What’s So Great About “Deadpan Weirdness?”

This snippet of a conversation between her and Raymond perfectly captures her outlook on the world and other people while also showing her unwitting wit:

Some might argue that it is this wit that drives the book, as without it, we would have a main character who lives almost entirely in her own head, interacting with a bare minimum of people, and who doesn’t tolerate any aberrational behavior from them or, indeed, from her own routine. This would not make for an enjoyable read. As it is, though, through her eyes, we see, little by little, her desire to understand other people grow, in part as a way to get out of her own tortured and lonely head.
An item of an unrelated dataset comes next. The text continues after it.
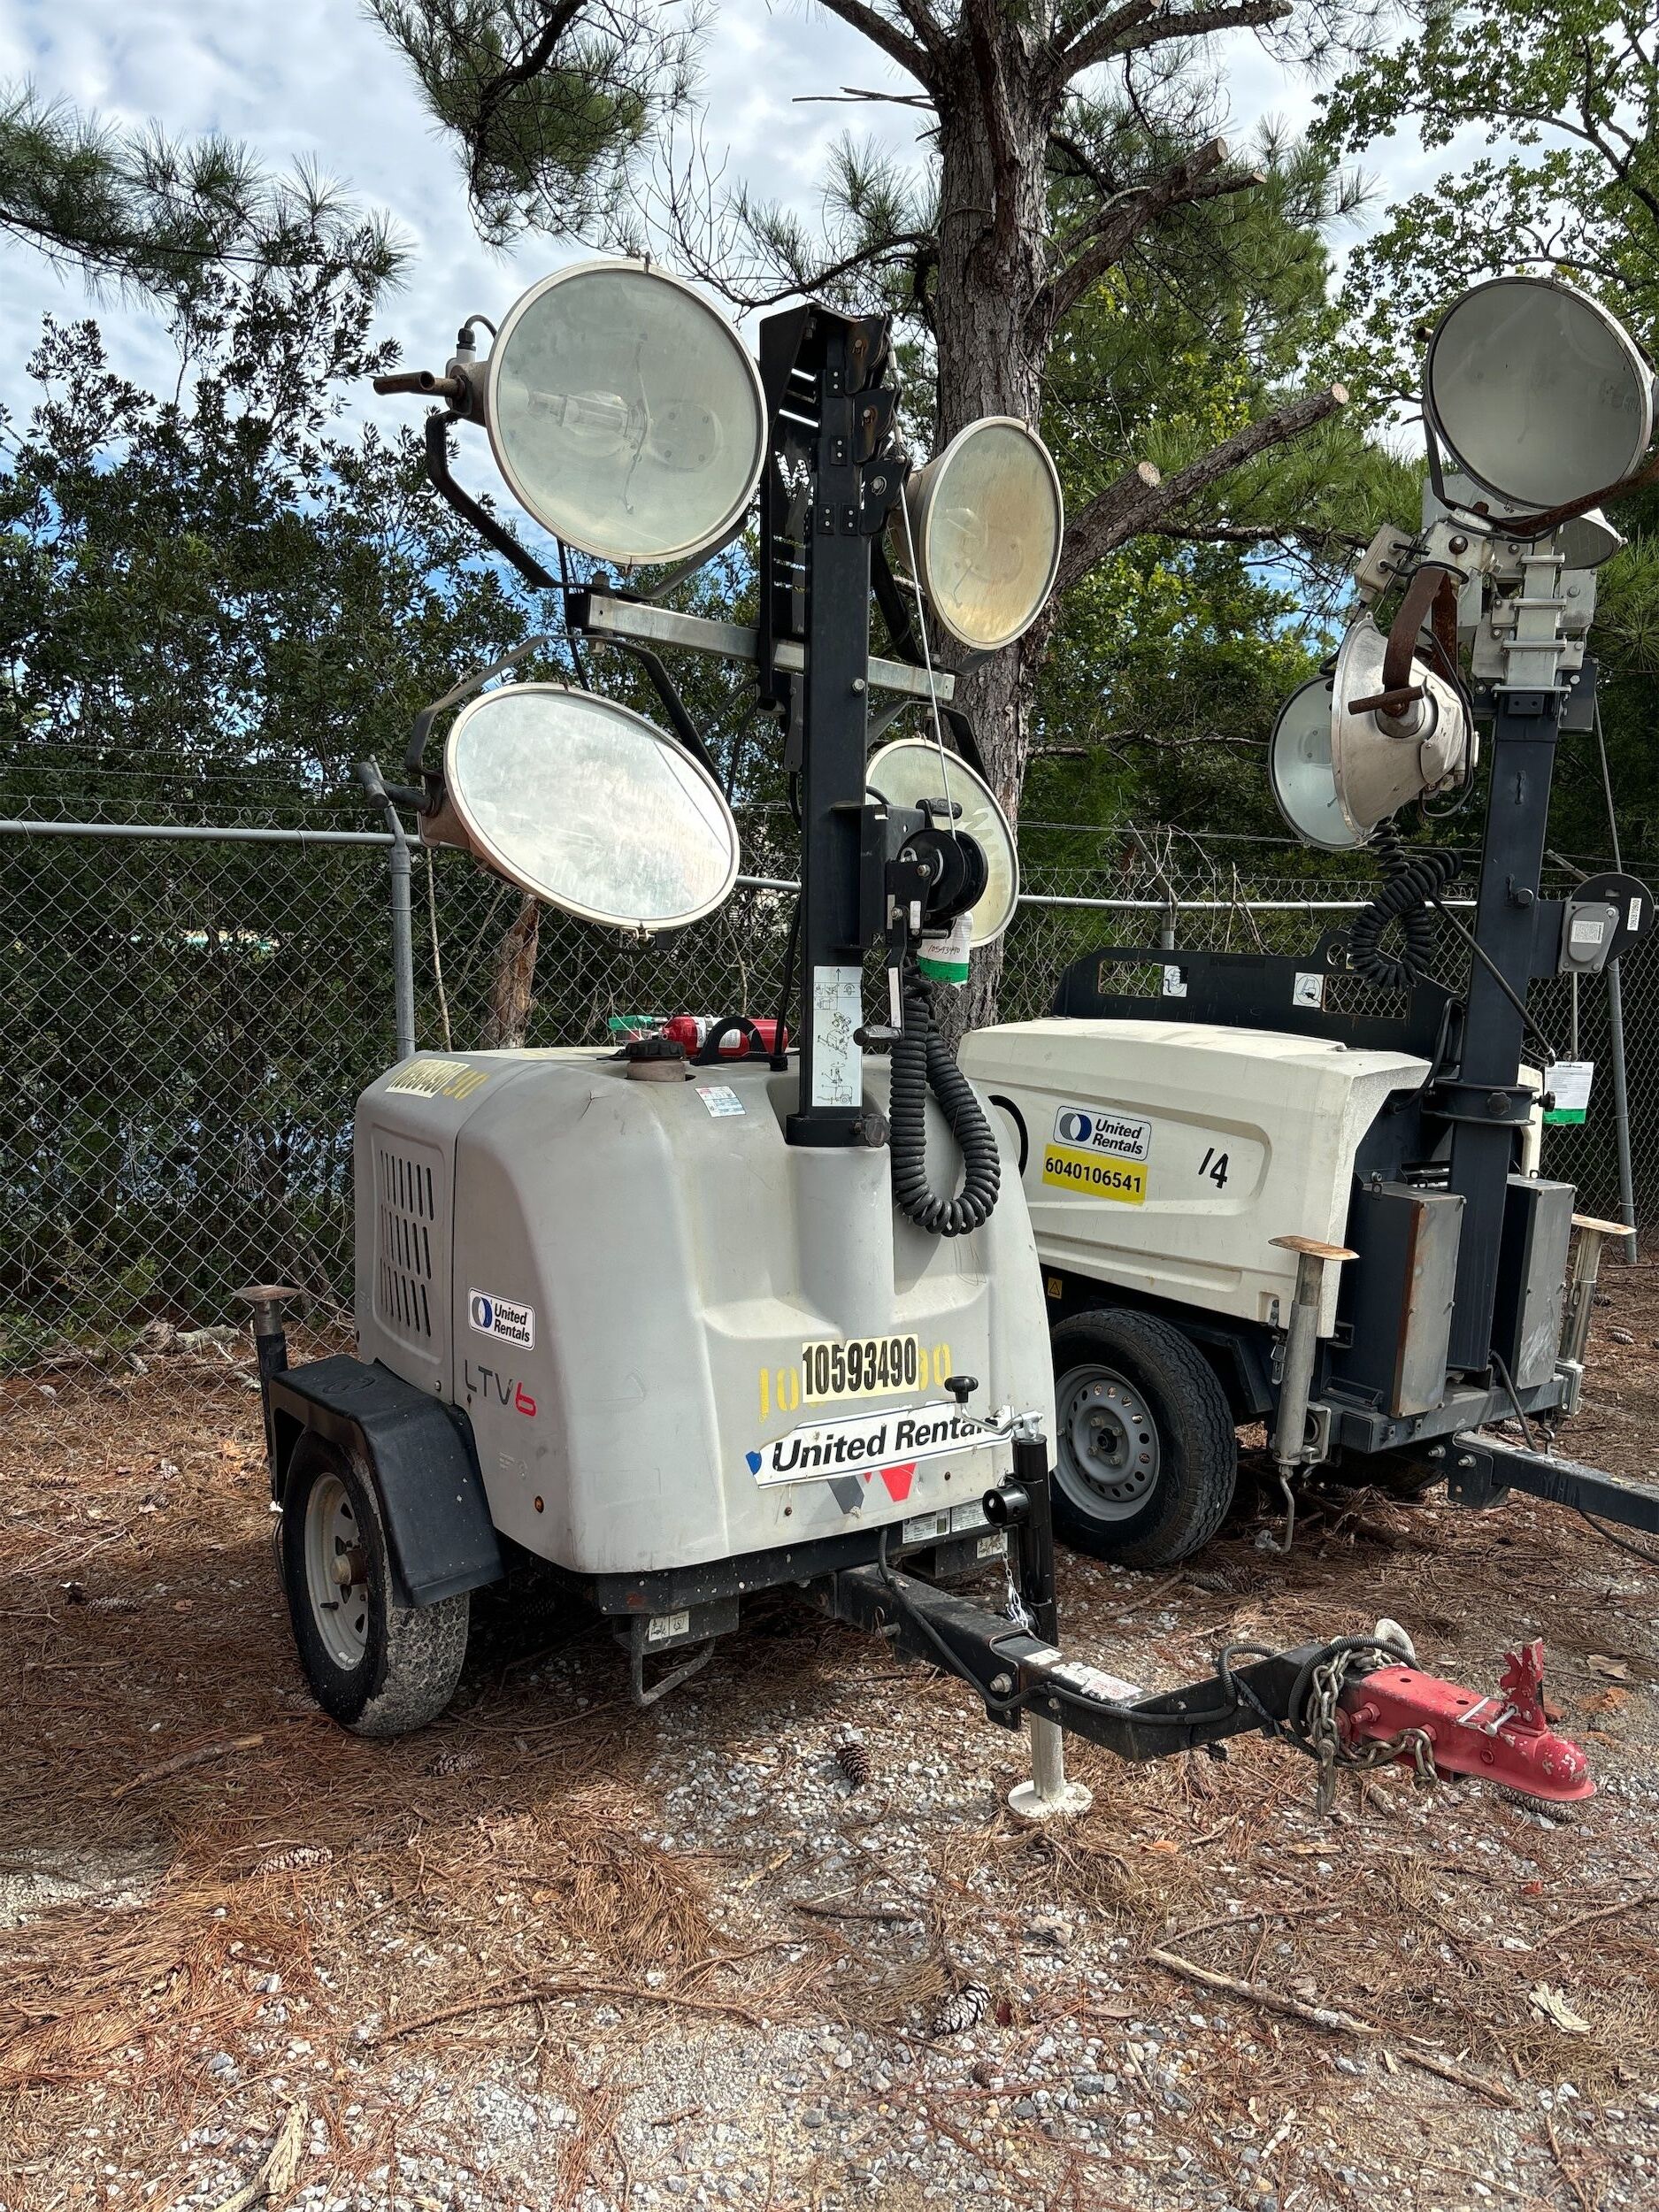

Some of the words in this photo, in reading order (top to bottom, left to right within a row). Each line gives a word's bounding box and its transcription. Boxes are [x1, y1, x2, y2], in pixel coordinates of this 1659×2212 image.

Therein lies the other charm of this book: we see how people–good, kind, imperfect people–can make a difference in others’ lives, just by doing little things, just by not taking them for granted. Those things, embodied mostly in the character of Raymond, start with just paying attention to someone, being open to the possibility that they’re not who we think they are because of the way they act, dress, or talk. Indeed, it is a compilation of those little things that end up contributing to the very change Eleanor needs to surmount what she eventually realizes is her tragic past.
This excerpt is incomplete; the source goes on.